• [TASK OBJECTIVE] Leave out the images and transcribe the entries below word for word.

○ ○ ○ ○ ○

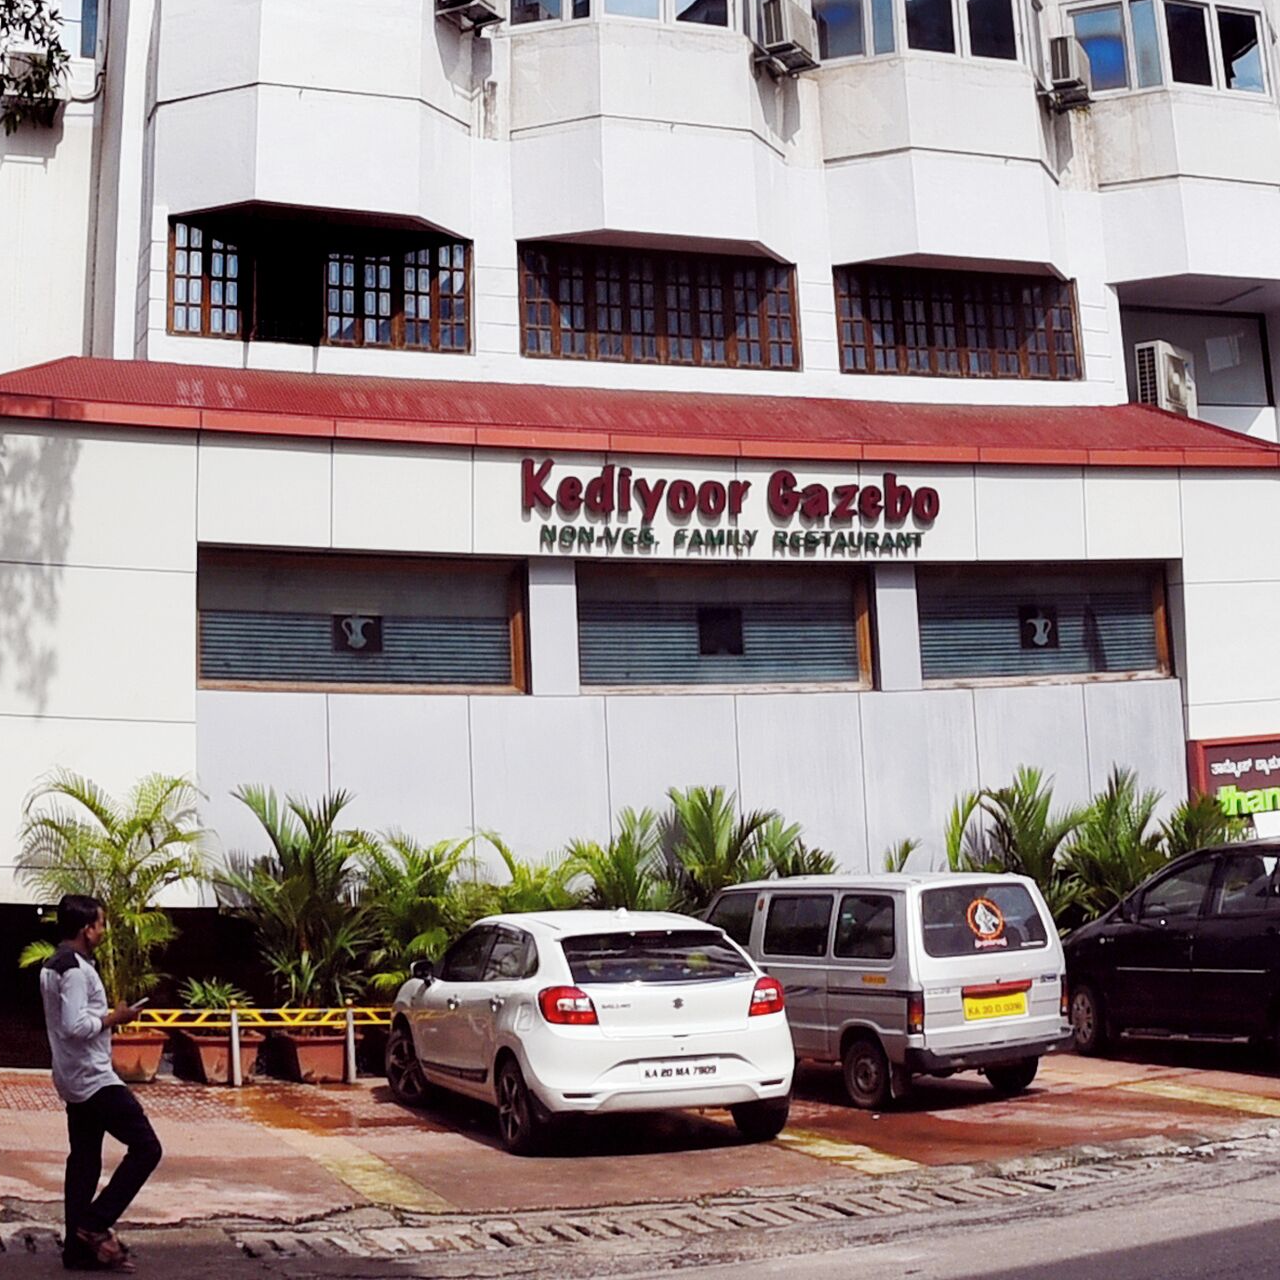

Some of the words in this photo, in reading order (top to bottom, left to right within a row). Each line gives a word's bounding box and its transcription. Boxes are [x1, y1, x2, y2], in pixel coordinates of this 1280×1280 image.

[521, 458, 751, 521] Kediyoor
[767, 470, 940, 520] Gazebo
[675, 528, 758, 550] FAMILY
[774, 531, 925, 551] RESTAURANT
[644, 1069, 658, 1079] KA
[675, 1067, 690, 1076] MA

○ ○ ○ ○ ○

• [RESULT BELOW]
Some of the words in this photo, in reading order (top to bottom, left to right within a row). Each line gives a word's bounding box and its transcription. Boxes are [x1, y1, x2, y2], in pixel coordinates of this 1280×1280 image.

[521, 458, 751, 521] Kediyoor
[767, 470, 940, 520] Gazebo
[675, 528, 758, 550] FAMILY
[774, 531, 925, 551] RESTAURANT
[644, 1069, 658, 1079] KA
[675, 1067, 690, 1076] MA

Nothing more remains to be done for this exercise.